**WORK ORDER**
Only the text of the records below belongs in the answer, copied exactly, with pictures omitted.

START EXCERPTED DATA

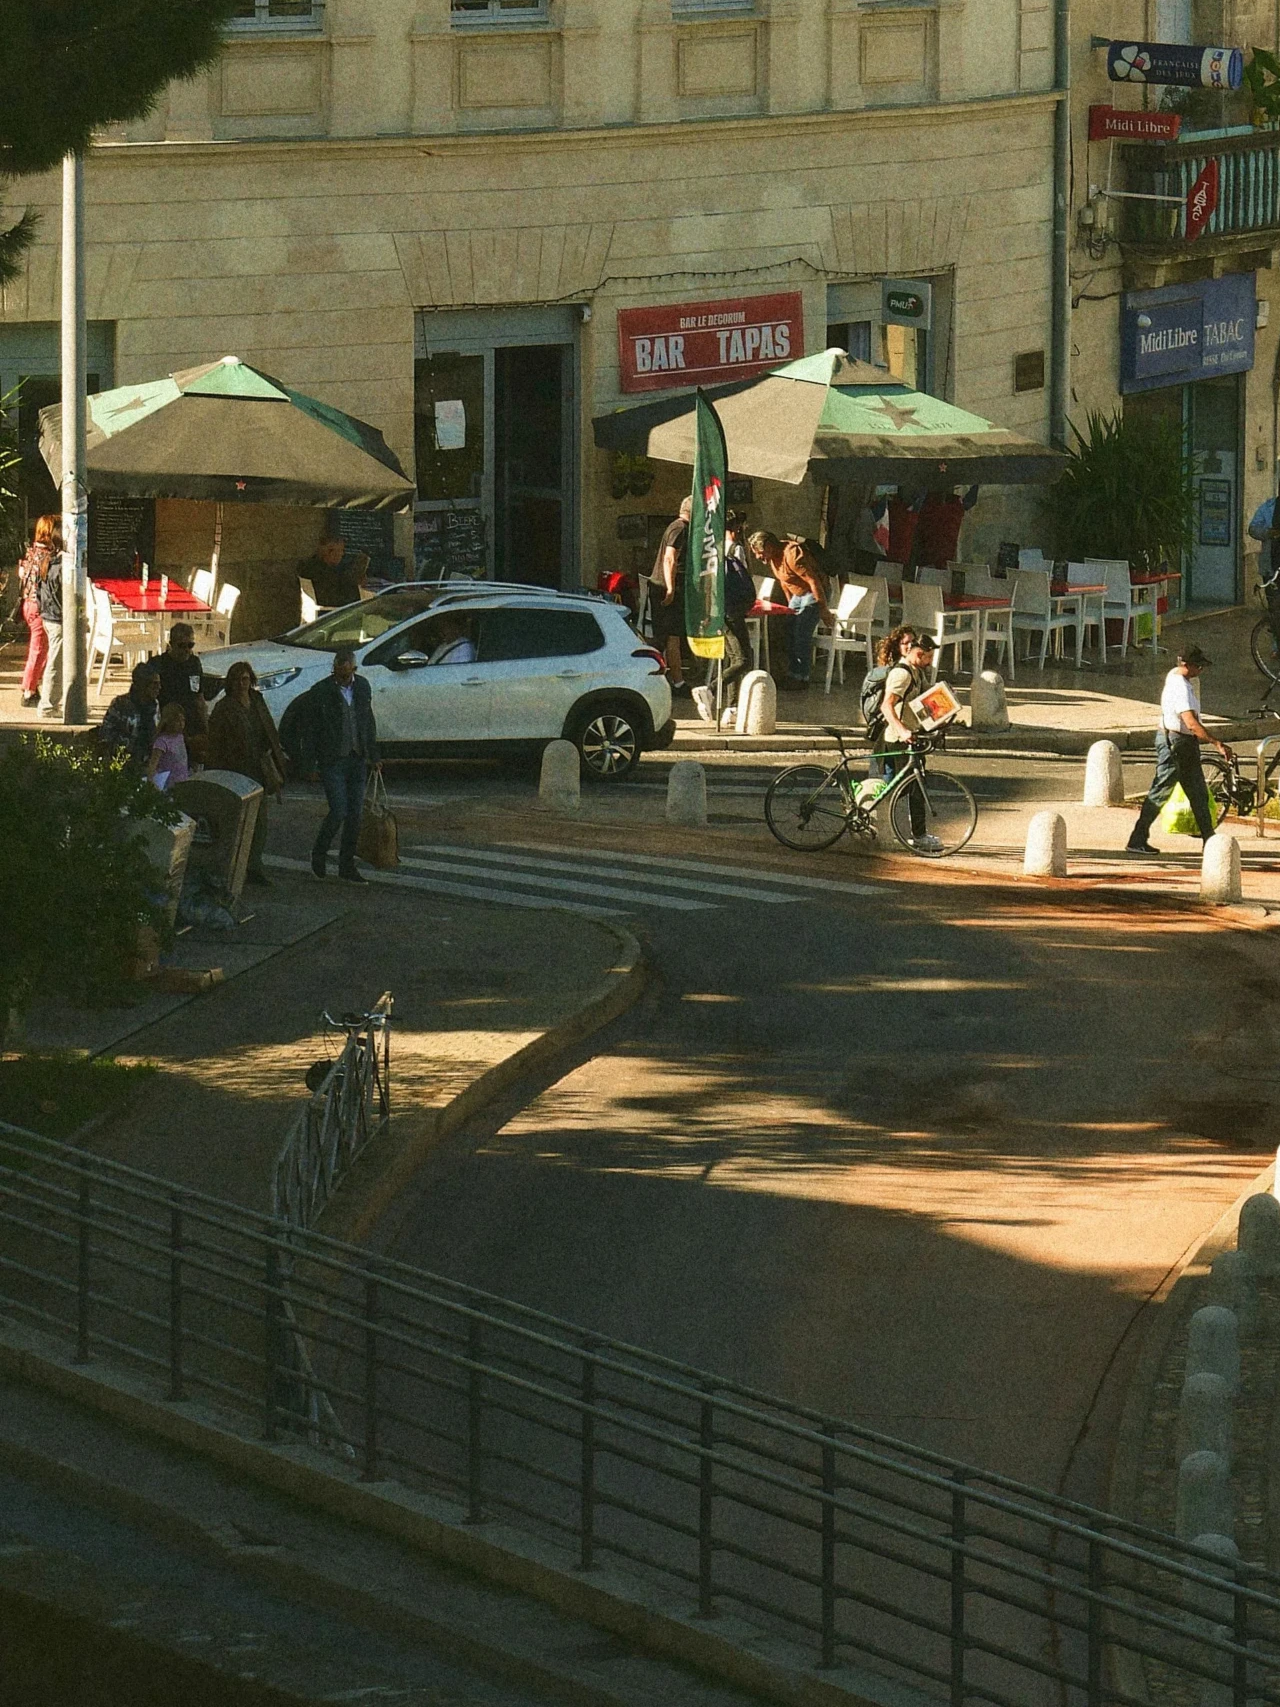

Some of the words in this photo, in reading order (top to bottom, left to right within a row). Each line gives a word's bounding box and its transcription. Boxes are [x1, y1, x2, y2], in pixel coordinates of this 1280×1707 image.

[1105, 118, 1133, 131] Midi
[1137, 120, 1171, 134] Libre
[1192, 181, 1210, 221] TABAC
[890, 299, 908, 309] PMU
[679, 316, 697, 329] BAR
[697, 315, 707, 327] LE
[1204, 318, 1245, 346] TABAC
[635, 335, 686, 373] BAR
[716, 324, 791, 365] TAPAS
[1140, 331, 1167, 354] Midi
[1168, 327, 1198, 349] Libre

END EXCERPTED DATA

**RESPONSE TO THE EXERCISE**
Some of the words in this photo, in reading order (top to bottom, left to right within a row). Each line gives a word's bounding box and its transcription. Boxes are [x1, y1, x2, y2], in pixel coordinates of this 1280×1707 image.

[1105, 118, 1133, 131] Midi
[1137, 120, 1171, 134] Libre
[1192, 181, 1210, 221] TABAC
[890, 299, 908, 309] PMU
[679, 316, 697, 329] BAR
[697, 315, 707, 327] LE
[1204, 318, 1245, 346] TABAC
[635, 335, 686, 373] BAR
[716, 324, 791, 365] TAPAS
[1140, 331, 1167, 354] Midi
[1168, 327, 1198, 349] Libre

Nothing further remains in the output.